Мысли или мечтания такого рода были отголоском его медитации. При

"пробуждении" дело шло, видимо, не об истине и познании, а о

действительности, о том, чтобы испытать ее и справиться с ней. Пробуждаясь,

ты не пробивался, не приближался к ядру вещей, к истине, а улавливал,

устанавливал или претерпевал отношение собственного "я" к сиюминутному

положению вещей. Ты находил при этом не законы, а решения, попадал не в

центр мира, а в центр собственной личности. Вот почему то, что ты при этом

испытывал, и нельзя было рассказать, вот почему оно так удивительно не

поддавалось передаче словами: информация из этой области жизни, видимо, не

входила в задачи языка. Если в порядке исключения тебя при этом чуть-чуть

понимали, то понимавший находился в сходном положении, сочувствовал тебе и

пробуждался вместе с тобой. Иной раз его до какой-то степени понимал Фриц

Тегуляриус, еще дальше шла отзывчивость Плинио. Кого он мог назвать, кроме

них? Никого.

Уже смеркалось, и он совсем ушел в свои мысли, когда в дверь постучали.

Поскольку он не сразу очнулся и не ответил, пришедший немного подождал и

тихо постучал снова.
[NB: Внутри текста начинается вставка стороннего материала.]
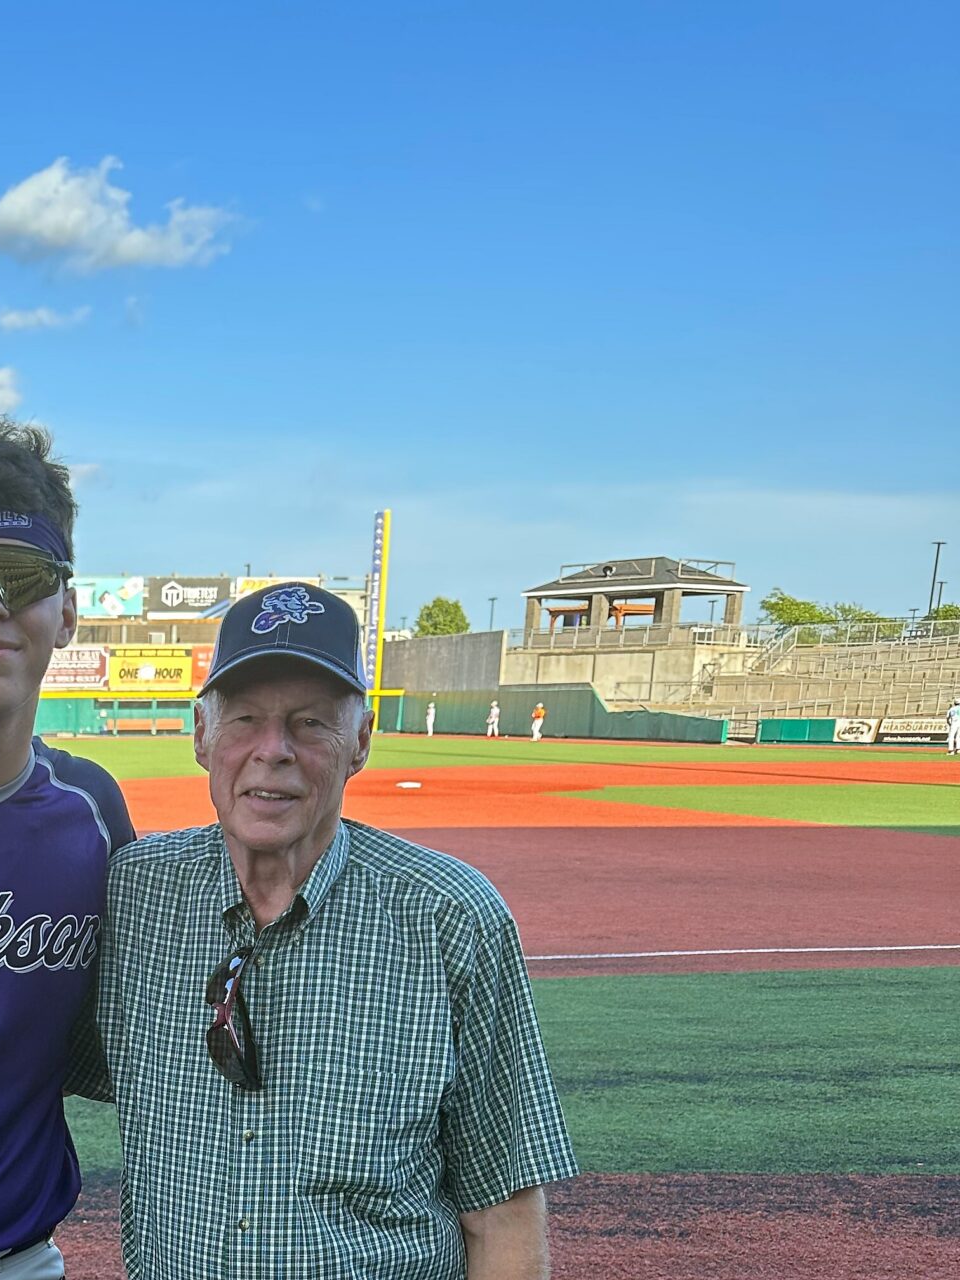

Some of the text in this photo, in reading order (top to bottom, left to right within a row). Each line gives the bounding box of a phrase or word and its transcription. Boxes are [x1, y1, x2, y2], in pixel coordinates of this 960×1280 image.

[119, 668, 183, 679] ONE HOUR
[883, 722, 948, 732] HEADQUARTERS
На этот раз Кнехт отозвался, поднялся и пошел с

посыльным, который провел его в здание канцелярии и без доклада в кабинет

предводителя Ордена. Мастер Александр вышел ему навстречу.

-- Жаль, -- сказал он, -- что вы приехали, не предупредив меня. Поэтому

вам пришлось подождать. Мне не терпится узнать, что привело вас сюда так

неожиданно. Надеюсь, не случилось ничего плохого?

Кнехт засмеялся.

-- Нет, ничего плохого не случилось. Но разве я действительно такой уж

неожиданный гость и вы совсем не представляете себе, что меня сюда привело?

Александр посмотрел ему в глаза строго и озабоченно.

-- Ну, конечно, -- сказал он, -- представить я могу себе всякое. Я уже

представлял себе, например, в эти дни, что для вас дело с вашим письмом

наверняка еще не завершено. Администрация вынуждена была ответить на него

несколько лаконично и в, может быть, разочаровавшем вас, domine, смысле и

тоне.

-- Нет, -- сказал Иозеф Кнехт, -- в сущности, я и не ждал ничего, кроме

того, что ответ администрации по своему смыслу содержит. А что касается его

тона, то как раз тон его меня порадовал. По письму видно, что оно далось

автору нелегко, может быть, даже доставило ему огорчение, и что он испытывал

потребность прибавить к неприятному и немного унизительному для меня ответу

несколько капель меда, и получилось это у него великолепно, я благодарен ему

за это.

-- А содержание письма вы, значит, приняли, досточтимый?

-- Принял к сведению, да и по существу понял и одобрил. Ответ, пожалуй,

и не мог принести ничего, кроме отклонения моей просьбы и мягкого увещания.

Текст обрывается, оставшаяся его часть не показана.